Hi Joost,

> Hopefully this further raises awareness of the on-chain ephemeral signature backup functionality that the annex uniquely enables.

From my perspective, if vault applications can be made more robust by on-chain backing up of ephemeral signatures, this can be rational to make the annex standard.

There is the observation that other critical elements of vault's application state could be backed up in this way (e.g pubkeys and amounts of the destination output) to rebuild from scratch a pre-signed withdrawal. The unstructured data could be even marked by an application-level "tag" or "signaling" to identify all the backup annexes composing your vault application state.

Of course, such backing up of more critical elements comes with its own drawbacks in terms of confidentiality, as you would leak your vault policy on-chain, so they would need to be ciphered first, I think.

It sounds to me another economically rational set of use-cases can be to simplify protocols using the chain as a publication space for collectibles. Using the annex as a publication space enables a clear chain of collectible ownership thanks to the key signing the annex, which is not permissible with op_return outputs today.

Best,
Antoine


Le mar. 20 juin 2023 à 13:30, Joost Jager <joost.jager@gmail.com> a écrit :
Hi all,

On Sat, Jun 10, 2023 at 9:43 AM Joost Jager <joost.jager@gmail.com> wrote:
However, the primary advantage I see in the annex is that its data isn't included in the calculation of the txid or a potential parent commit transaction's txid (for inscriptions). I've explained this at [1]. This feature makes the annex a powerful tool for applications that would ideally use covenants.

The most critical application in this category, for me, involves time-locked vaults. Given the positive reception to proposals such as OP_VAULT [2], I don't think I'm alone in this belief. OP_VAULT is probably a bit further out, but pre-signed transactions signed using an ephemeral key can fill the gap and improve the safeguarding of Bitcoin in the short term.

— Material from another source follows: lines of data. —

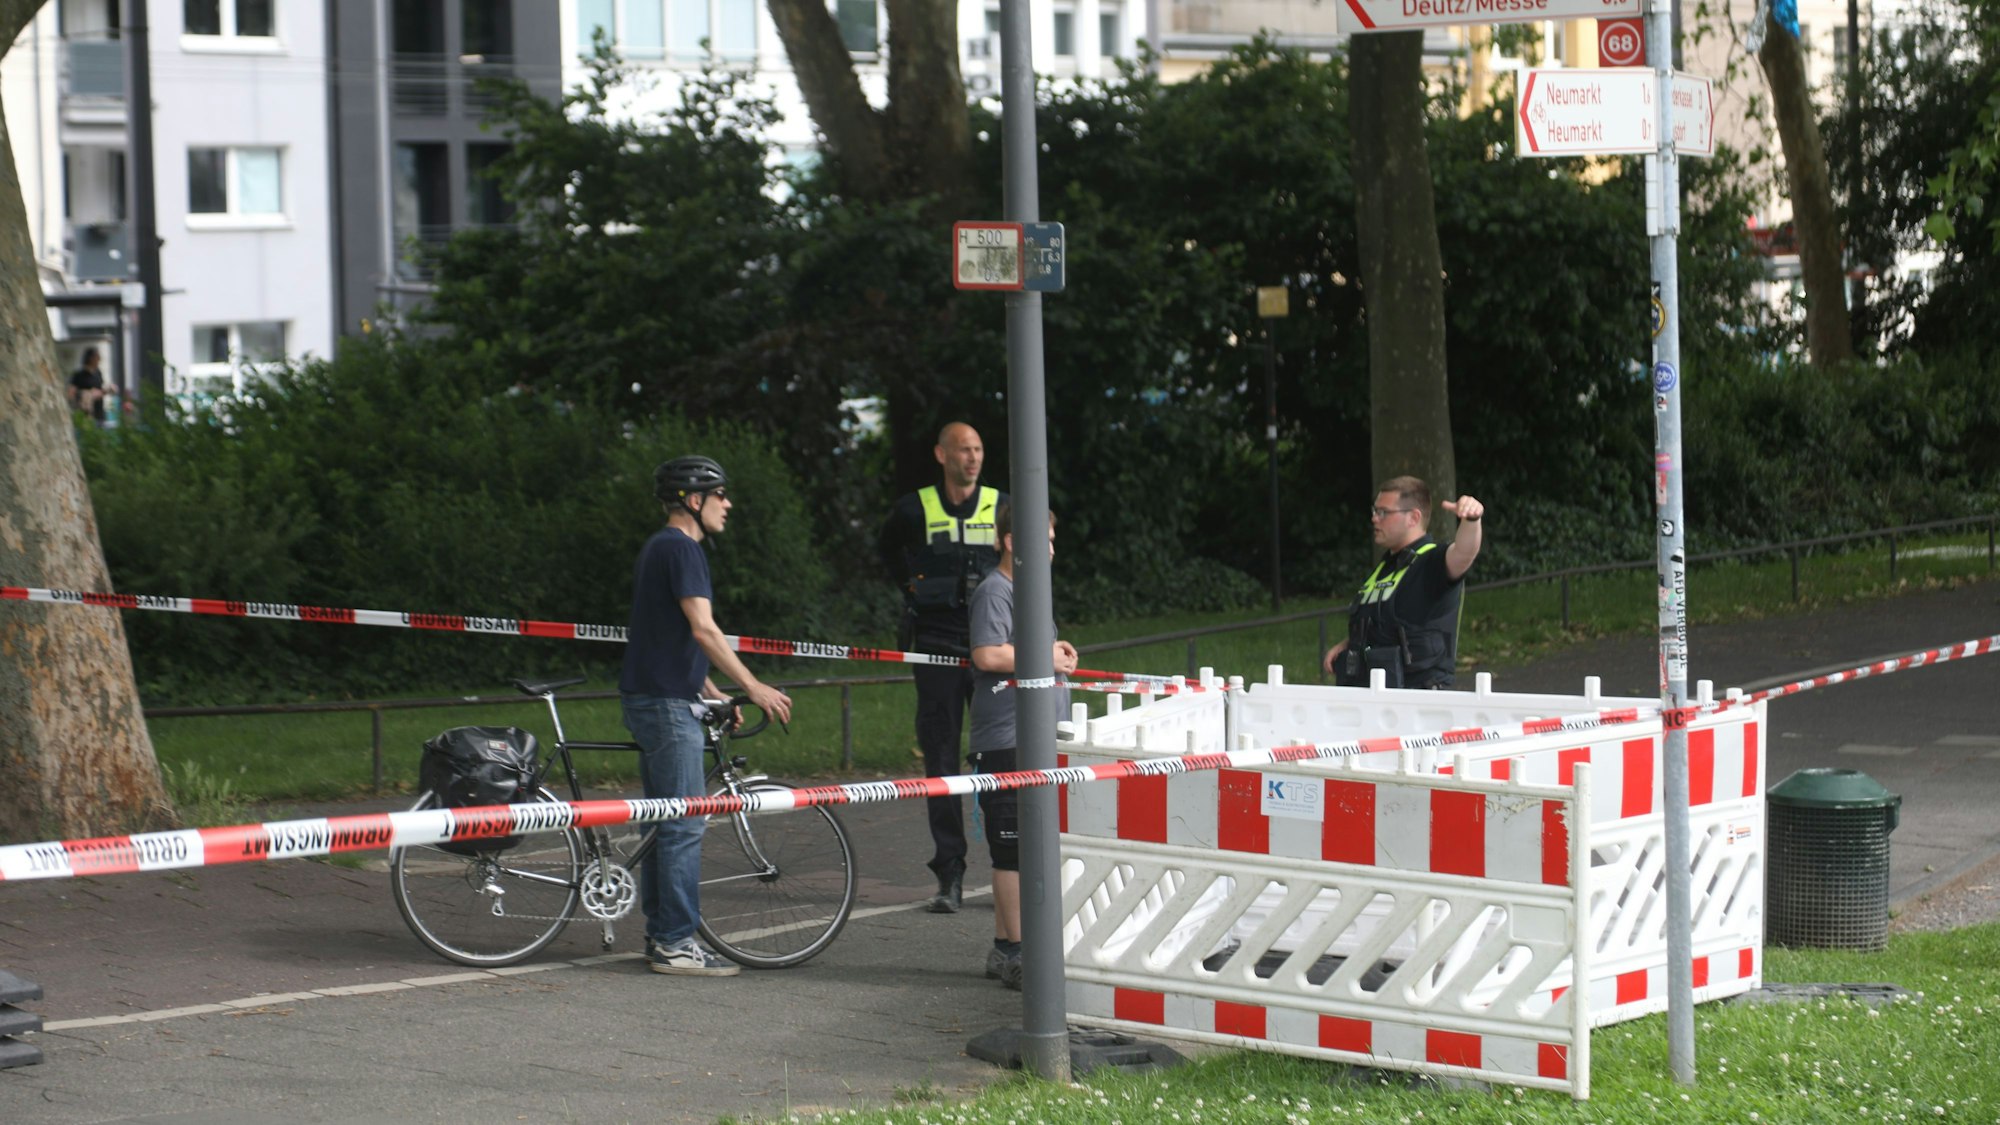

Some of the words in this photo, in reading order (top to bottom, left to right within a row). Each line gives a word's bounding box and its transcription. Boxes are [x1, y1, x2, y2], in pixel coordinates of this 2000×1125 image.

[1608, 34, 1633, 53] 68
[1546, 82, 1602, 105] Neumarkt
[1547, 119, 1603, 143] Heumarkt
[959, 230, 968, 244] H
[976, 230, 1002, 245] 500
[1266, 780, 1319, 803] KTS
[439, 804, 582, 838] ORDNUNGSAMT
[241, 820, 392, 855] ORDNUNGSAMT
[25, 835, 188, 872] ORDNUNGSAMT
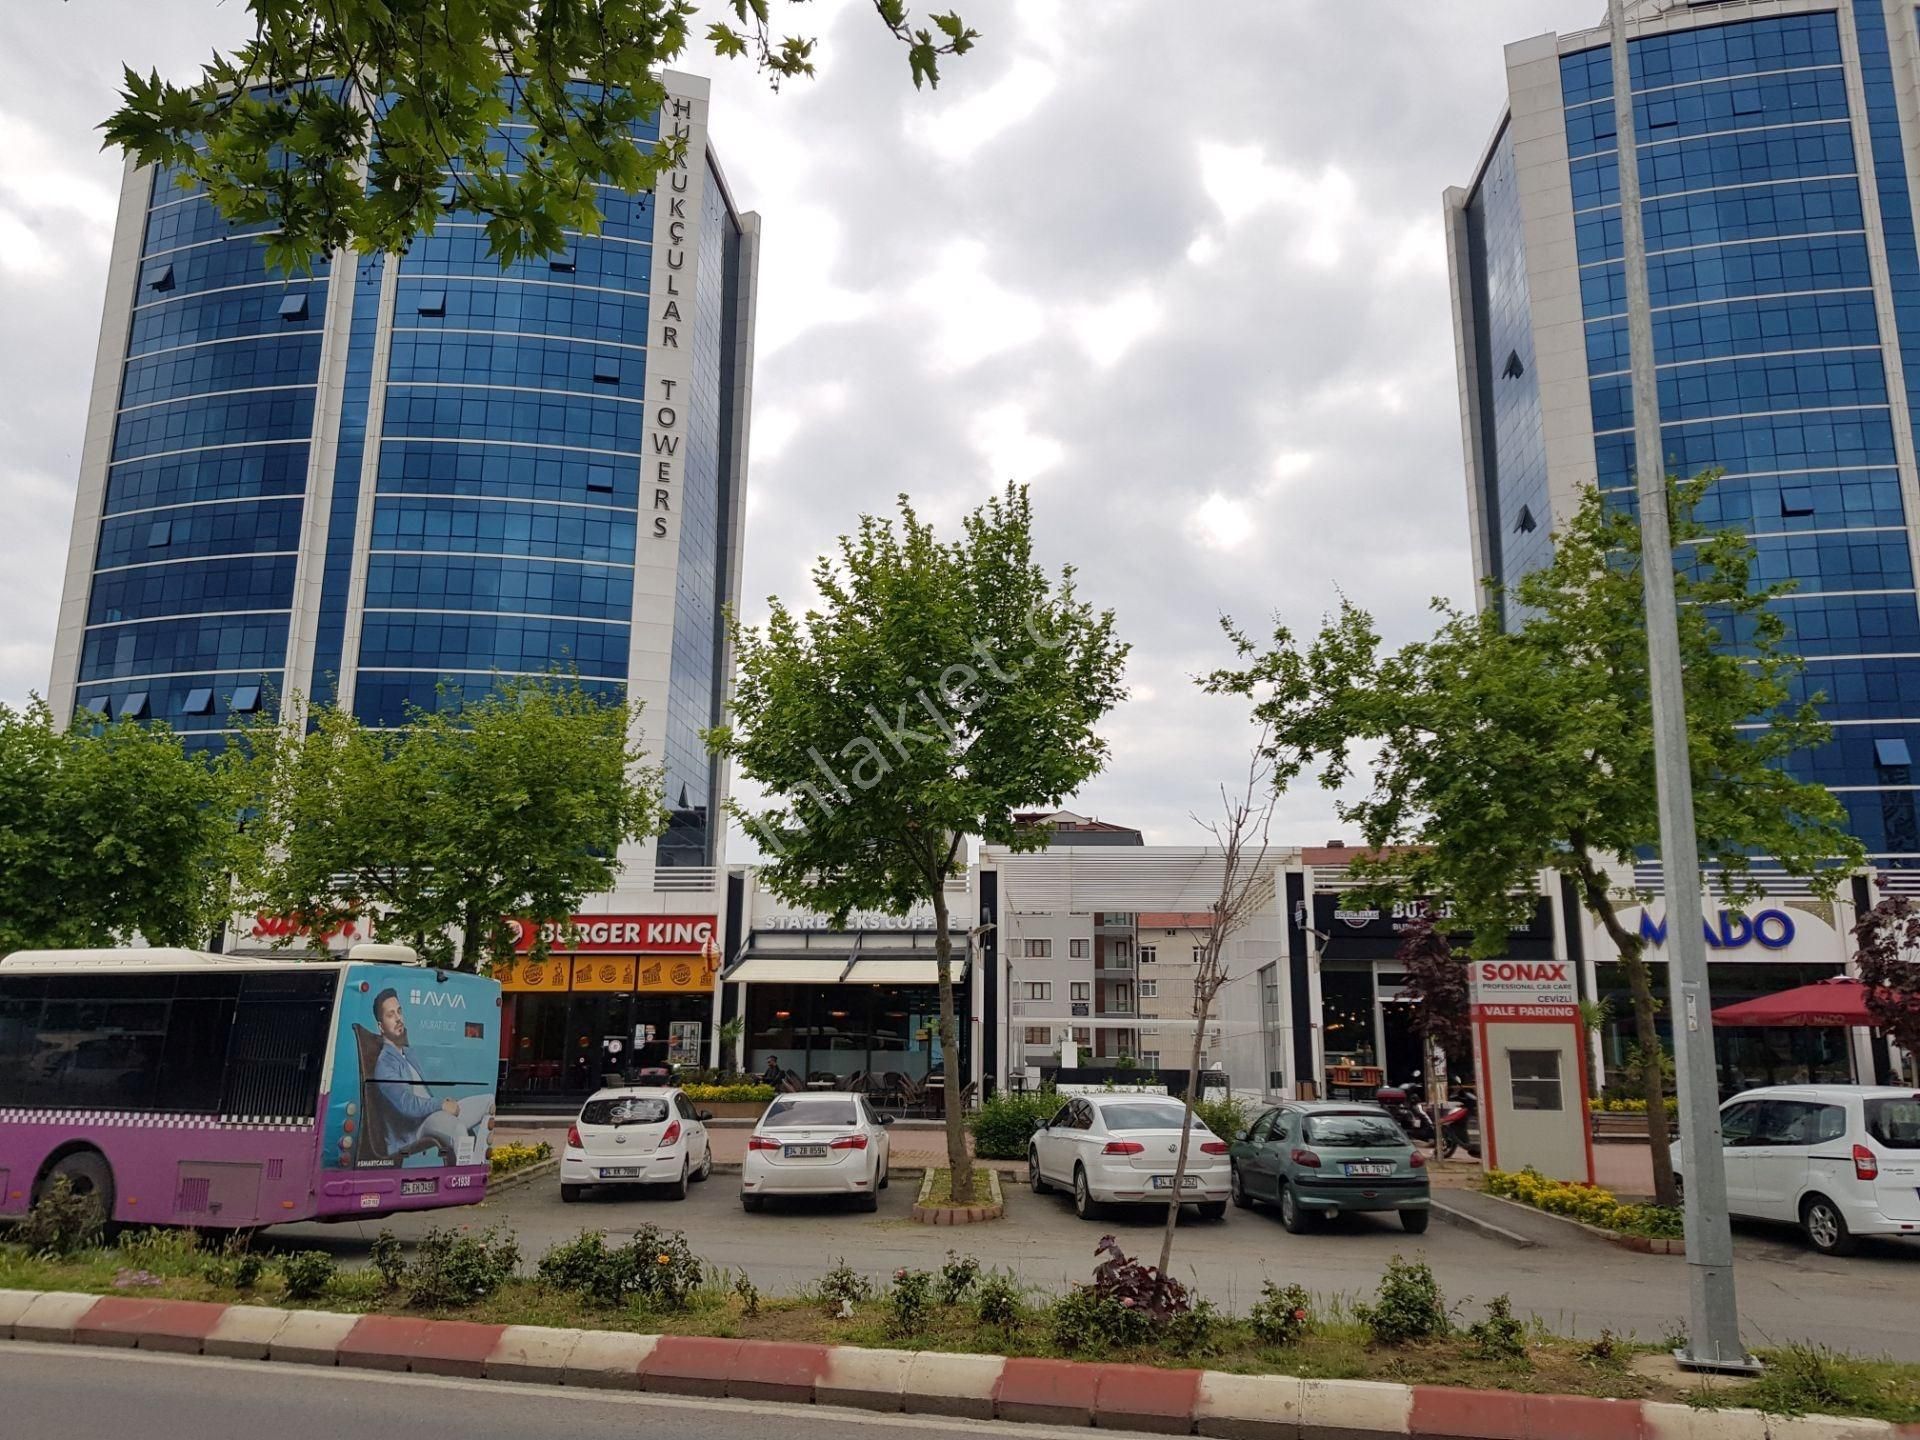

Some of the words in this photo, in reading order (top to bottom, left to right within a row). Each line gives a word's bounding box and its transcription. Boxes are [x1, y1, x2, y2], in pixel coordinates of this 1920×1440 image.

Backing up the ephemeral signatures of the pre-signed transactions on the blockchain itself is an excellent way to ensure that the vault can always be 'opened'. However, without the annex, this is not as safe as it could be. Due to the described circular reference problem, the vault creation and signature backup can't be executed in one atomic operation. For example, you can store the backup in a child commit/reveal transaction set, but the vault itself can be confirmed independently and the backup may never confirm. If you create a vault and lose the ephemeral signatures, the funds will be lost.

This use case for the annex has been labeled 'speculative' elsewhere. To me, every use case appears speculative at this point because the annex isn't available. However, if you believe that time-locked vaults are important for Bitcoin and also acknowledge that soft forks, such as the one required for OP_VAULT, aren't easy to implement, I'd argue that the intermediate solution described above is very relevant.

To support this use case of the taproot annex, I've create a simple demo application here: https://github.com/joostjager/annex-covenants

This demo shows how a coin can be spent to a special address from which it can - at a later stage - only move to a pre-defined final destination. It makes use of the annex to store the ephemeral signature for the presigned transaction so that the coin cannot get lost. This is assuming that nodes do not prune witness data en masse and also that the destination address itself is known.

The application may not be the most practically useful, but more advanced covenants such as time-locked vaults can be implemented similarly.

Hopefully this further raises awareness of the on-chain ephemeral signature backup functionality that the annex uniquely enables.